Frequently Asked Questions
When does North Carolina's Winter Sports Safety Act take effect?
Senate Bill 648 was signed into law by Governor Josh Stein in early July 2026 and takes effect October 1, 2026.
Is leaving the scene of a ski collision now a crime in North Carolina?
Yes. Under SB 648, leaving the scene of a collision on the slopes without identifying yourself is a Class 1 misdemeanor, functioning as a hit-and-run rule for skiing and snowboarding.
What law does SB 648 change?
It rewrites Chapter 99C of the North Carolina General Statutes, which governs winter-sports safety and accidents, updating the duties of skiers and ski-area operators and the assumption-of-risk framework.
What is a Class 1 misdemeanor in North Carolina?
It is a mid-level misdemeanor. The maximum punishment depends on the defendant's prior record level under North Carolina's structured sentencing, and a criminal charge is separate from any civil claim by an injured skier.
Does the new law affect my ability to sue after a ski accident?
Indirectly, yes. The criminal charge is separate from a civil claim, but the new duty to stop and identify yourself makes a civil claim practical, because an injured skier generally needs to know who caused the collision.

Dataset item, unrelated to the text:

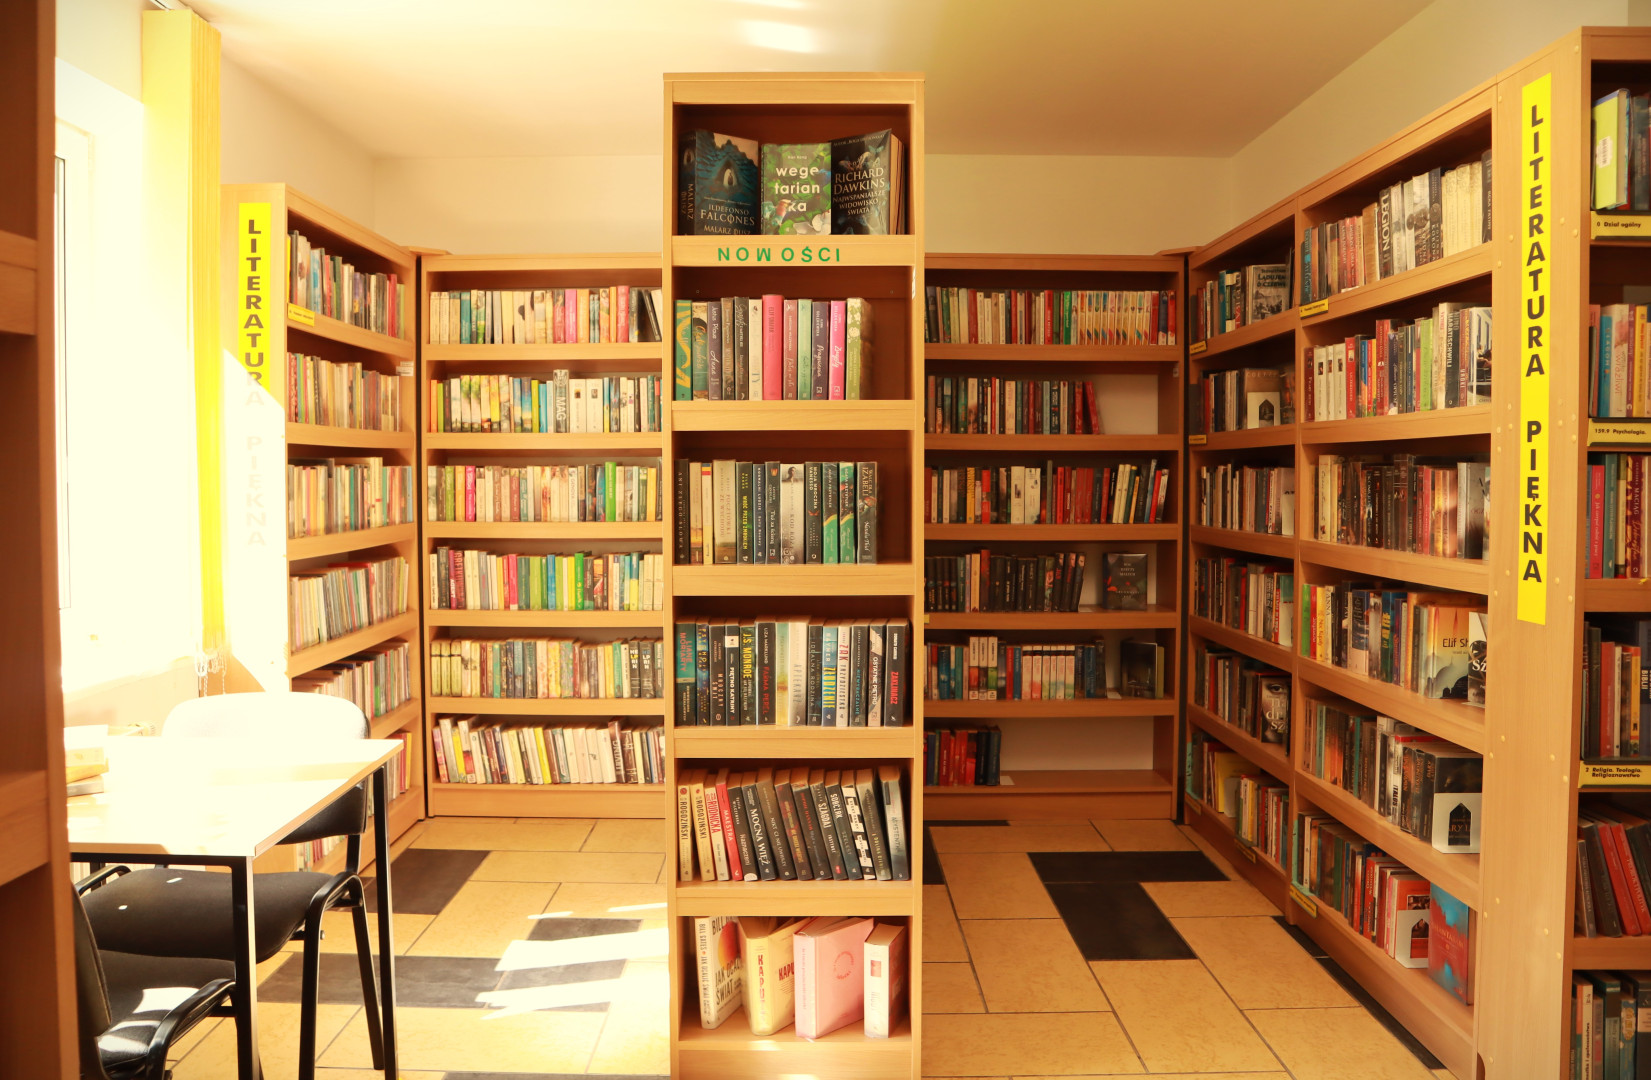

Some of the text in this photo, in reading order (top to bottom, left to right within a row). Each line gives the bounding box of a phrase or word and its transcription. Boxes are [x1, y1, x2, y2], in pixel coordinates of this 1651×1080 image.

Why was the law updated now?
SB 648 is the first major update to North Carolina's ski-safety statute in roughly 45 years, modernizing rules written before snowboarding, terrain parks, and electronic ticketing became common.
Sources and References
- North Carolina Senate Bill 648, Winter Sports Safety Act, bill text, NC General Assembly(ncleg.gov).gov
- North Carolina General Assembly, Senate Bill 648 (2025-2026 Session) bill history(ncleg.gov).gov
- UNC School of Government Legislative Reporting Service: Winter Sports Safety and Accidents (SB 648) summary(lrs.sog.unc.edu)
- SnowBrains: Hit-and-Run Skiing Is Now a Crime in North Carolina Under First Major Ski Safety Law Update in 45 Years(snowbrains.com)
- Carolina Journal: Stein vetoes homelessness bill, signs others into law(carolinajournal.com)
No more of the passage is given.